# Simplicity riding mower questions



## desertsteel (Oct 16, 2013)

Howdy all! I originally posted this in the Simplicity section and got no replies. Thought I'd give it a shot here. I have never needed to own a riding mower before. I lived in the desert for the last 17 years and kept the grass that needed cut (if any) to push mower size to save on water.

I recently bought a Simplicity 5216H, 16hp B&S I/C twin with a 36" deck and a snow-blower as my main yard tractor. Now that i have used it for a couple of months and have gotten used to it's personality, I could really use some knowledge and insights please...

The first thing I'd like to deal with is the starter, it sounds like it is dragging or rubbing when I start it up. Is this starter rebuildable, could this just be debris and it needs a through cleaning? Or is it on its way out?

2nd, is the pto and drive belt pulleys supposed to make racket when your foot comes off of the pedal? Nothing appears to be loose, it has a belt that is in good shape, it just sounds overly loud to me. Everything seems to run very smoothly! I have visually looked at all of the pulleys. None appear to be bent or wobbly, they look shiny and the belt is in good shape.

3rd, it's now backfiring every time i shut it off, nice flame blows out of the exhaust. I pulled the solenoid off of the carb to clean it and i thought there was supposed to be a plunger of sorts, but there is nothing and I'm not seeing any adjustment screws on the carb. So i pull the choke out before i shut her down and she just puffs a bit.

4th, it won't idle down anymore. when the throttle is pushed all of the way down it sounds like the motor is still about half throttle rpm's. I have verified the throttle cable is traveling as it should to the carb and everything is free and moving.

The only issue this mower had when i bought it was the starter issue. i've been using it twice a week since i bought it so i haven't wanted to tear into it yet . I should have a bit of a break to work on it between leaves and snow...i hope.

I've wrenched enough over the years that I can figure out most things but it would be nice to able to pick other brains for a change and have an idea of what I'm looking for before I get into tear down mode.

Thank you in advance for sharing your knowledge.


----------



## Country Boy (Mar 18, 2010)

The starter could be dirty inside, but I'd also check the gear. They like to use a plastic gear, and sometimes they get chewed up and can make a racket. You can pull the starter apart, but the brushes can be a real PITA to get back in. Just be careful pulling the lower cap off so the springs don't go flying, never to be seen again.

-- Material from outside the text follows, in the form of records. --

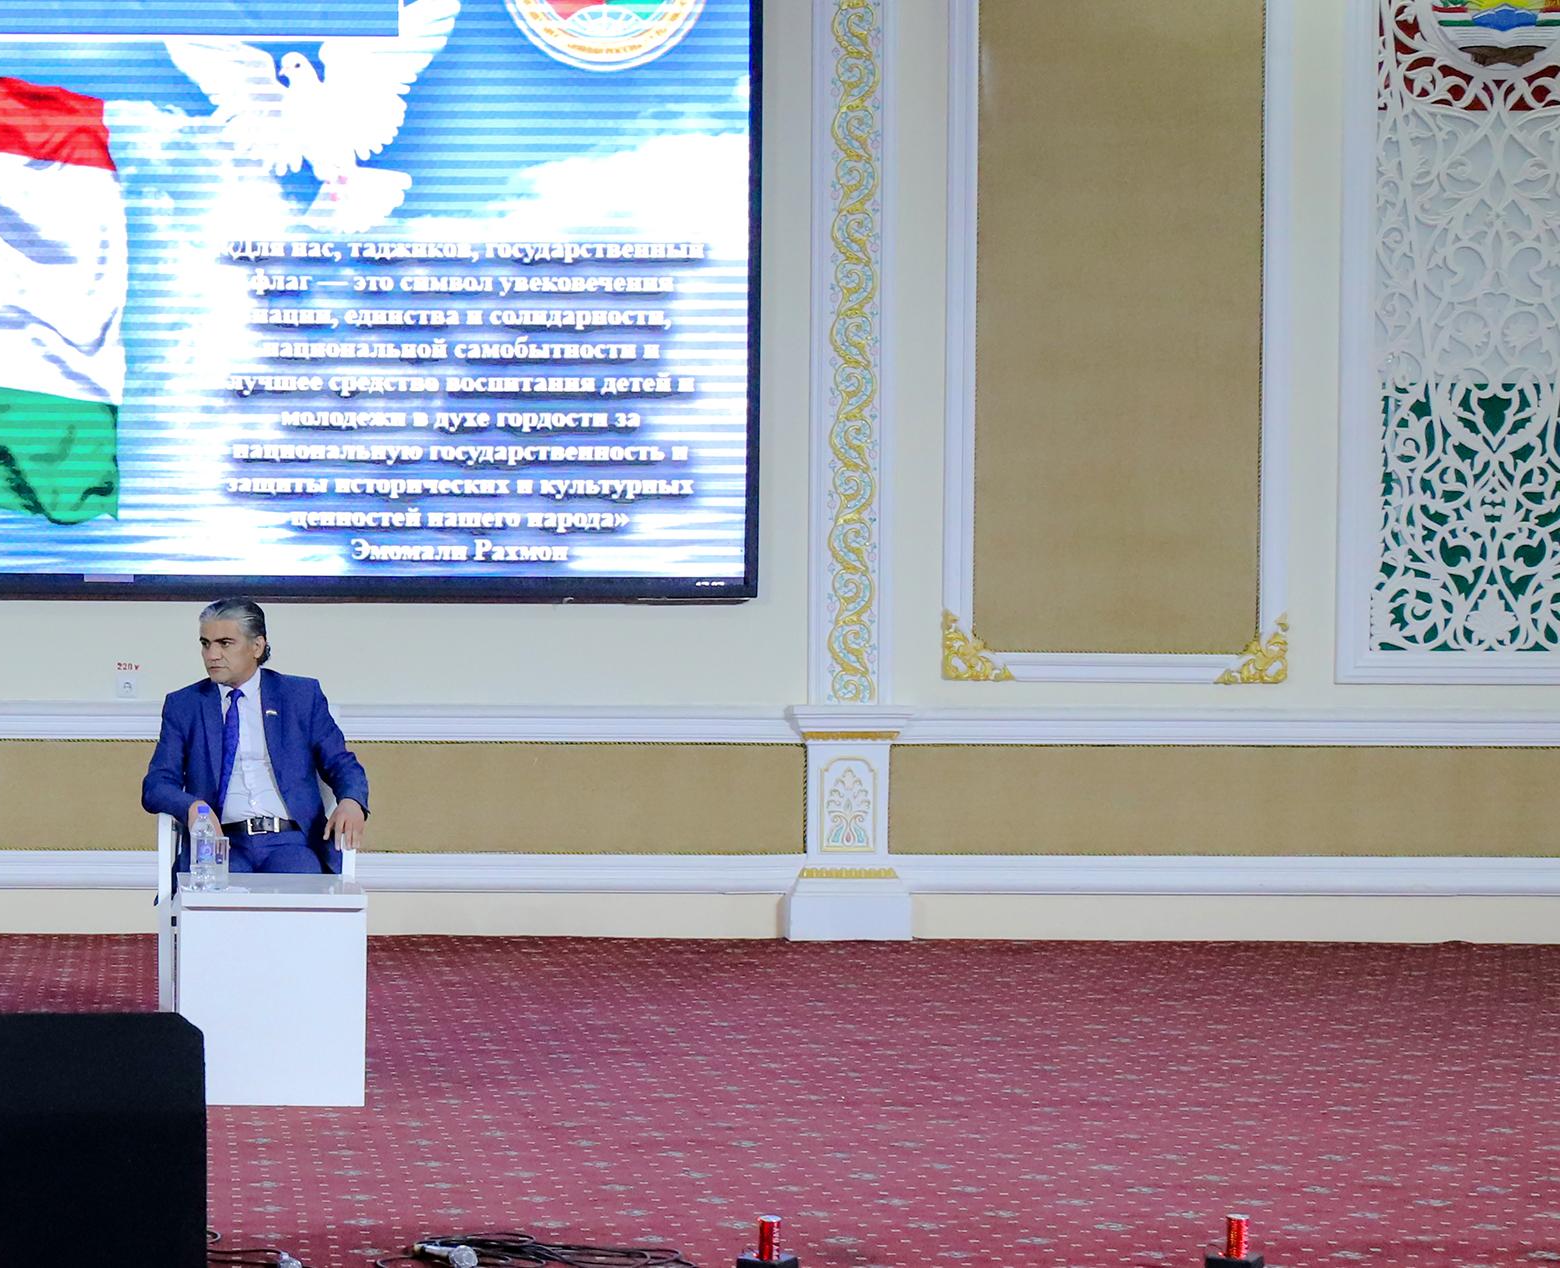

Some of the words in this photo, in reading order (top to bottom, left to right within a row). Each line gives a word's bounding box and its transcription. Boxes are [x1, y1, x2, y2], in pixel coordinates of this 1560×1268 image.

[291, 242, 342, 262] нас,
[348, 242, 480, 262] таджиков,
[248, 268, 312, 295] флаг
[353, 275, 394, 292] это
[400, 276, 494, 292] символ
[498, 276, 674, 297] увековечения
[251, 308, 339, 329] нации,
[344, 309, 460, 328] единства
[466, 310, 484, 325] и
[489, 310, 672, 330] солидарности,
[261, 337, 448, 360] национальной
[453, 335, 637, 359] самобытности
[643, 343, 660, 359] и
[225, 375, 324, 396] лучшее
[328, 376, 440, 396] средство
[445, 377, 596, 393] воспитания
[600, 372, 672, 395] детей
[677, 377, 696, 393] и
[280, 411, 407, 429] молодежи
[412, 412, 429, 427] в
[433, 412, 490, 433] духе
[496, 412, 609, 433] гордости
[615, 412, 640, 428] за
[232, 444, 424, 465] национальную
[429, 445, 666, 466] государственность
[671, 446, 689, 461] и
[225, 477, 328, 496] защиты
[334, 478, 511, 499] исторических
[516, 479, 534, 494] и
[539, 479, 695, 500] культурных
[290, 507, 423, 530] ценностей
[427, 511, 522, 528] нашего
[526, 511, 631, 533] народа»
[350, 538, 469, 561] Эмомали
[473, 538, 570, 561] Рахмон

There will be some sound when you release the clutch pedal, but I'd check the idler pulleys. It almost sounds like the pulley bearings might be getting dry, making a racket when they spin. See if you can get them away from the belt so they spin freely, and then spin them as fast as you can with your hand. If you hear a grinding or howling noise, then the bearings are getting bad. I've seen pulleys that are shiny like new with bad bearings before.

If there is a solenoid on the carburetor (shiny metal cylinder with one or two wires coming off it), then there should be a plunger coming out of it that would stick up into the carb when screwed on. Sounds like someone may have cut it off due to the solenoid not working. When you turn the key to the run position, the solenoid should click and the plunger should retract. If that isn't happening, then the solenoid is bad. Its called an "afterfire solenoid" because it snaps shut when you turn the key off to prevent any more fuel from being mixed with the air when the engine is shutting down. If that isn't working, a fuel/air mix will enter the cylinder, not be burned, and then be pushed into the hot muffler where it explodes. That's the flame you see coming out of the muffler. I'd get it fixed, because I've seen mufflers get blown apart from the backfire. They aren't cheap.

Most four cycle small engines idle around 1400-1800 RPM, and top out between 3000 and 3600 RPM. So, technically, the do idle at half RPM. If yours isn't dropping in speed when you push the lever to idle, then make sure the cable hasn't moved in the clamp that holds it to the engine frame. There should be a clamp at the end of the cable that holds the outer sheath still while the cable moves. If that clamp loosened up, then the sheath can move and the cable will be out of adjustment. Also check the stop screw on the carburetor. There is a small screw at the top of the carb where the throttle shaft rests against at idle. If that screw got moved, then the throttle plate can't close at idle, and it will run too quickly.


----------